All of the data below should be returned exactly.

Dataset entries
=== Section Start ===

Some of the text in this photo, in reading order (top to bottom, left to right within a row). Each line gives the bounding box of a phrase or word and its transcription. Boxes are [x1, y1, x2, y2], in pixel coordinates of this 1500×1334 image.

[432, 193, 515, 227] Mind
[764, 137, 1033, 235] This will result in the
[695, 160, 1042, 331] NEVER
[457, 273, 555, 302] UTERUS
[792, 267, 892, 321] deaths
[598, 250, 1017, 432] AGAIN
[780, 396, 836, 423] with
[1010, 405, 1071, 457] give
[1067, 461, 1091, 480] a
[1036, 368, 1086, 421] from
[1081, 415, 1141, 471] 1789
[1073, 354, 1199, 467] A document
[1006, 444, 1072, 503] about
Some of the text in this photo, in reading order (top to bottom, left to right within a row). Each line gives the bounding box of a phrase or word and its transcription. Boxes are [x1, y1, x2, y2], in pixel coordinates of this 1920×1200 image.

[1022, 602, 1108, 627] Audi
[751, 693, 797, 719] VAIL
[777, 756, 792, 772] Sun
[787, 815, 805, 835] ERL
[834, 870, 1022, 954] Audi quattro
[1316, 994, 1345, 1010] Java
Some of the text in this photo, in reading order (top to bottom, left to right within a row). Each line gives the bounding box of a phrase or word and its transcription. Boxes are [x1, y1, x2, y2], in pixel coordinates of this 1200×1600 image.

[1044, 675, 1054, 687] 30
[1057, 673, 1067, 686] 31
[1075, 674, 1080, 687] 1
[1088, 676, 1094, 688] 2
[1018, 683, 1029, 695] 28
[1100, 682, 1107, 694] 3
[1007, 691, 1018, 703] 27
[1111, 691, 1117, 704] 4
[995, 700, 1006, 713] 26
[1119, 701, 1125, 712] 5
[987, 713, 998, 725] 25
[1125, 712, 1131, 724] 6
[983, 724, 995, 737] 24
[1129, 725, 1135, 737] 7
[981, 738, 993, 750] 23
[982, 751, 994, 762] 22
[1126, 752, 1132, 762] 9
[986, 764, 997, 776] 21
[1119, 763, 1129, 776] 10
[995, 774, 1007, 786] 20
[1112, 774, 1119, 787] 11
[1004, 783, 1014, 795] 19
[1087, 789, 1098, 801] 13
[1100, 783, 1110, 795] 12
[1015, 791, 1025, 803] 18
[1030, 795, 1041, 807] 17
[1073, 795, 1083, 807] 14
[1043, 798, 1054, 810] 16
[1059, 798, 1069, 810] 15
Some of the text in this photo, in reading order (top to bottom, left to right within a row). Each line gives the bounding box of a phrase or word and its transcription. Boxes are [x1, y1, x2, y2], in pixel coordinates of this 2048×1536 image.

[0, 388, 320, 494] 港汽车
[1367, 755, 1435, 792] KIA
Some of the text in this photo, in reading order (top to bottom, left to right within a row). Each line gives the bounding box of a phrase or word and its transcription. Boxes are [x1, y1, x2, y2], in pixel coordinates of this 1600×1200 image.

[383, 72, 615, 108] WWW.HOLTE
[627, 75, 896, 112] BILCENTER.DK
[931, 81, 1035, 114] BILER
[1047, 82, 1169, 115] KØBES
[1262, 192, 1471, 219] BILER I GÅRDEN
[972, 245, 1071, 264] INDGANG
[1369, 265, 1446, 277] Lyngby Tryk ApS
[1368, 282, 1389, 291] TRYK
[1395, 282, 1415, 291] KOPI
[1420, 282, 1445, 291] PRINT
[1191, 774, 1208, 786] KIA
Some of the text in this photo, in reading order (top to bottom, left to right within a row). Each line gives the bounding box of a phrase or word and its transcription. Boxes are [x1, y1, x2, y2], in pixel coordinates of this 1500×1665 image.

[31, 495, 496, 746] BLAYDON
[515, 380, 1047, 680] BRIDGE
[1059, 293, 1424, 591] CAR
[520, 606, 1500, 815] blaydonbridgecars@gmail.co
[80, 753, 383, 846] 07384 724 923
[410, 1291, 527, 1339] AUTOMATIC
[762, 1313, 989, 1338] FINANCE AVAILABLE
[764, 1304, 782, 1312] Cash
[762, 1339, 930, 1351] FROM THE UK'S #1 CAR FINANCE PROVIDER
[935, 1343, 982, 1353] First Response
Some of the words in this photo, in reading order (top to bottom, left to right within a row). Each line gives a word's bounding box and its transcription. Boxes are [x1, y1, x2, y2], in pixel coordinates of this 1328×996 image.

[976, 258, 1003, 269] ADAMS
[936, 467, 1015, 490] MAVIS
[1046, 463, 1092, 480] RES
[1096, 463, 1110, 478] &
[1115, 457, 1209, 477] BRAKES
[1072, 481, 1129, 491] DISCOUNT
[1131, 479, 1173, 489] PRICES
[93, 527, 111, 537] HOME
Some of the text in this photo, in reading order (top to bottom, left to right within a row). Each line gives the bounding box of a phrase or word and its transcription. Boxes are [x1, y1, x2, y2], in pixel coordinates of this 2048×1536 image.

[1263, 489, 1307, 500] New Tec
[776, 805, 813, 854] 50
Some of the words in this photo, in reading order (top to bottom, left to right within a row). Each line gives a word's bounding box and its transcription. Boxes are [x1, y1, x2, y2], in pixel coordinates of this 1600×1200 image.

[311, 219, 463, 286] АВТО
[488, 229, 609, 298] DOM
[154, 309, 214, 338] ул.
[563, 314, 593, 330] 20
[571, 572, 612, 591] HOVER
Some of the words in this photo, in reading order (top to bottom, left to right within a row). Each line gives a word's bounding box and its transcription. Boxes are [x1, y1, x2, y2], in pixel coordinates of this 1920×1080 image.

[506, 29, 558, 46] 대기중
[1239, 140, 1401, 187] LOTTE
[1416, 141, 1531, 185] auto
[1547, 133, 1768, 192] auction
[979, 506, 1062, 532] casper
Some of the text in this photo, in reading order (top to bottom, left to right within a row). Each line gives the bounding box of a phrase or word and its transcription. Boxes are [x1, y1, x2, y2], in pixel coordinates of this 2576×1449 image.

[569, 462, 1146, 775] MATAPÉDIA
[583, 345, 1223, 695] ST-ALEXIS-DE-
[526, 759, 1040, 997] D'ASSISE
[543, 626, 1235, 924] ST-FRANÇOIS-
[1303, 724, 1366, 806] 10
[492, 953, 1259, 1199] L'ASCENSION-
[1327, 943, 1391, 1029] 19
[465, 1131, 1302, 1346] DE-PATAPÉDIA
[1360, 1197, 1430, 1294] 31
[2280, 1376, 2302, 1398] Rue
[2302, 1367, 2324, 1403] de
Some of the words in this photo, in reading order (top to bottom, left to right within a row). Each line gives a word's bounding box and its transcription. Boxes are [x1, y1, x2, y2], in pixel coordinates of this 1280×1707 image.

=== Section End ===

■ RESULT FOR THIS TASK:
Some of the text in this photo, in reading order (top to bottom, left to right within a row). Each line gives the bounding box of a phrase or word and its transcription. Boxes are [x1, y1, x2, y2], in pixel coordinates of this 1500×1334 image.

[432, 193, 515, 227] Mind
[764, 137, 1033, 235] This will result in the
[695, 160, 1042, 331] NEVER
[457, 273, 555, 302] UTERUS
[792, 267, 892, 321] deaths
[598, 250, 1017, 432] AGAIN
[780, 396, 836, 423] with
[1010, 405, 1071, 457] give
[1067, 461, 1091, 480] a
[1036, 368, 1086, 421] from
[1081, 415, 1141, 471] 1789
[1073, 354, 1199, 467] A document
[1006, 444, 1072, 503] about
Some of the text in this photo, in reading order (top to bottom, left to right within a row). Each line gives the bounding box of a phrase or word and its transcription. Boxes are [x1, y1, x2, y2], in pixel coordinates of this 1920×1200 image.

[1022, 602, 1108, 627] Audi
[751, 693, 797, 719] VAIL
[777, 756, 792, 772] Sun
[787, 815, 805, 835] ERL
[834, 870, 1022, 954] Audi quattro
[1316, 994, 1345, 1010] Java
Some of the text in this photo, in reading order (top to bottom, left to right within a row). Each line gives the bounding box of a phrase or word and its transcription. Boxes are [x1, y1, x2, y2], in pixel coordinates of this 1200×1600 image.

[1044, 675, 1054, 687] 30
[1057, 673, 1067, 686] 31
[1075, 674, 1080, 687] 1
[1088, 676, 1094, 688] 2
[1018, 683, 1029, 695] 28
[1100, 682, 1107, 694] 3
[1007, 691, 1018, 703] 27
[1111, 691, 1117, 704] 4
[995, 700, 1006, 713] 26
[1119, 701, 1125, 712] 5
[987, 713, 998, 725] 25
[1125, 712, 1131, 724] 6
[983, 724, 995, 737] 24
[1129, 725, 1135, 737] 7
[981, 738, 993, 750] 23
[982, 751, 994, 762] 22
[1126, 752, 1132, 762] 9
[986, 764, 997, 776] 21
[1119, 763, 1129, 776] 10
[995, 774, 1007, 786] 20
[1112, 774, 1119, 787] 11
[1004, 783, 1014, 795] 19
[1087, 789, 1098, 801] 13
[1100, 783, 1110, 795] 12
[1015, 791, 1025, 803] 18
[1030, 795, 1041, 807] 17
[1073, 795, 1083, 807] 14
[1043, 798, 1054, 810] 16
[1059, 798, 1069, 810] 15
Some of the text in this photo, in reading order (top to bottom, left to right within a row). Each line gives the bounding box of a phrase or word and its transcription. Boxes are [x1, y1, x2, y2], in pixel coordinates of this 2048×1536 image.

[0, 388, 320, 494] 港汽车
[1367, 755, 1435, 792] KIA
Some of the text in this photo, in reading order (top to bottom, left to right within a row). Each line gives the bounding box of a phrase or word and its transcription. Boxes are [x1, y1, x2, y2], in pixel coordinates of this 1600×1200 image.

[383, 72, 615, 108] WWW.HOLTE
[627, 75, 896, 112] BILCENTER.DK
[931, 81, 1035, 114] BILER
[1047, 82, 1169, 115] KØBES
[1262, 192, 1471, 219] BILER I GÅRDEN
[972, 245, 1071, 264] INDGANG
[1369, 265, 1446, 277] Lyngby Tryk ApS
[1368, 282, 1389, 291] TRYK
[1395, 282, 1415, 291] KOPI
[1420, 282, 1445, 291] PRINT
[1191, 774, 1208, 786] KIA
Some of the text in this photo, in reading order (top to bottom, left to right within a row). Each line gives the bounding box of a phrase or word and its transcription. Boxes are [x1, y1, x2, y2], in pixel coordinates of this 1500×1665 image.

[31, 495, 496, 746] BLAYDON
[515, 380, 1047, 680] BRIDGE
[1059, 293, 1424, 591] CAR
[520, 606, 1500, 815] blaydonbridgecars@gmail.co
[80, 753, 383, 846] 07384 724 923
[410, 1291, 527, 1339] AUTOMATIC
[762, 1313, 989, 1338] FINANCE AVAILABLE
[764, 1304, 782, 1312] Cash
[762, 1339, 930, 1351] FROM THE UK'S #1 CAR FINANCE PROVIDER
[935, 1343, 982, 1353] First Response
Some of the words in this photo, in reading order (top to bottom, left to right within a row). Each line gives a word's bounding box and its transcription. Boxes are [x1, y1, x2, y2], in pixel coordinates of this 1328×996 image.

[976, 258, 1003, 269] ADAMS
[936, 467, 1015, 490] MAVIS
[1046, 463, 1092, 480] RES
[1096, 463, 1110, 478] &
[1115, 457, 1209, 477] BRAKES
[1072, 481, 1129, 491] DISCOUNT
[1131, 479, 1173, 489] PRICES
[93, 527, 111, 537] HOME
Some of the text in this photo, in reading order (top to bottom, left to right within a row). Each line gives the bounding box of a phrase or word and its transcription. Boxes are [x1, y1, x2, y2], in pixel coordinates of this 2048×1536 image.

[1263, 489, 1307, 500] New Tec
[776, 805, 813, 854] 50
Some of the words in this photo, in reading order (top to bottom, left to right within a row). Each line gives a word's bounding box and its transcription. Boxes are [x1, y1, x2, y2], in pixel coordinates of this 1600×1200 image.

[311, 219, 463, 286] АВТО
[488, 229, 609, 298] DOM
[154, 309, 214, 338] ул.
[563, 314, 593, 330] 20
[571, 572, 612, 591] HOVER
Some of the words in this photo, in reading order (top to bottom, left to right within a row). Each line gives a word's bounding box and its transcription. Boxes are [x1, y1, x2, y2], in pixel coordinates of this 1920×1080 image.

[506, 29, 558, 46] 대기중
[1239, 140, 1401, 187] LOTTE
[1416, 141, 1531, 185] auto
[1547, 133, 1768, 192] auction
[979, 506, 1062, 532] casper
Some of the text in this photo, in reading order (top to bottom, left to right within a row). Each line gives the bounding box of a phrase or word and its transcription. Boxes are [x1, y1, x2, y2], in pixel coordinates of this 2576×1449 image.

[569, 462, 1146, 775] MATAPÉDIA
[583, 345, 1223, 695] ST-ALEXIS-DE-
[526, 759, 1040, 997] D'ASSISE
[543, 626, 1235, 924] ST-FRANÇOIS-
[1303, 724, 1366, 806] 10
[492, 953, 1259, 1199] L'ASCENSION-
[1327, 943, 1391, 1029] 19
[465, 1131, 1302, 1346] DE-PATAPÉDIA
[1360, 1197, 1430, 1294] 31
[2280, 1376, 2302, 1398] Rue
[2302, 1367, 2324, 1403] de
Some of the words in this photo, in reading order (top to bottom, left to right within a row). Each line gives a word's bounding box and its transcription. Boxes are [x1, y1, x2, y2], in pixel coordinates of this 1280×1707 image.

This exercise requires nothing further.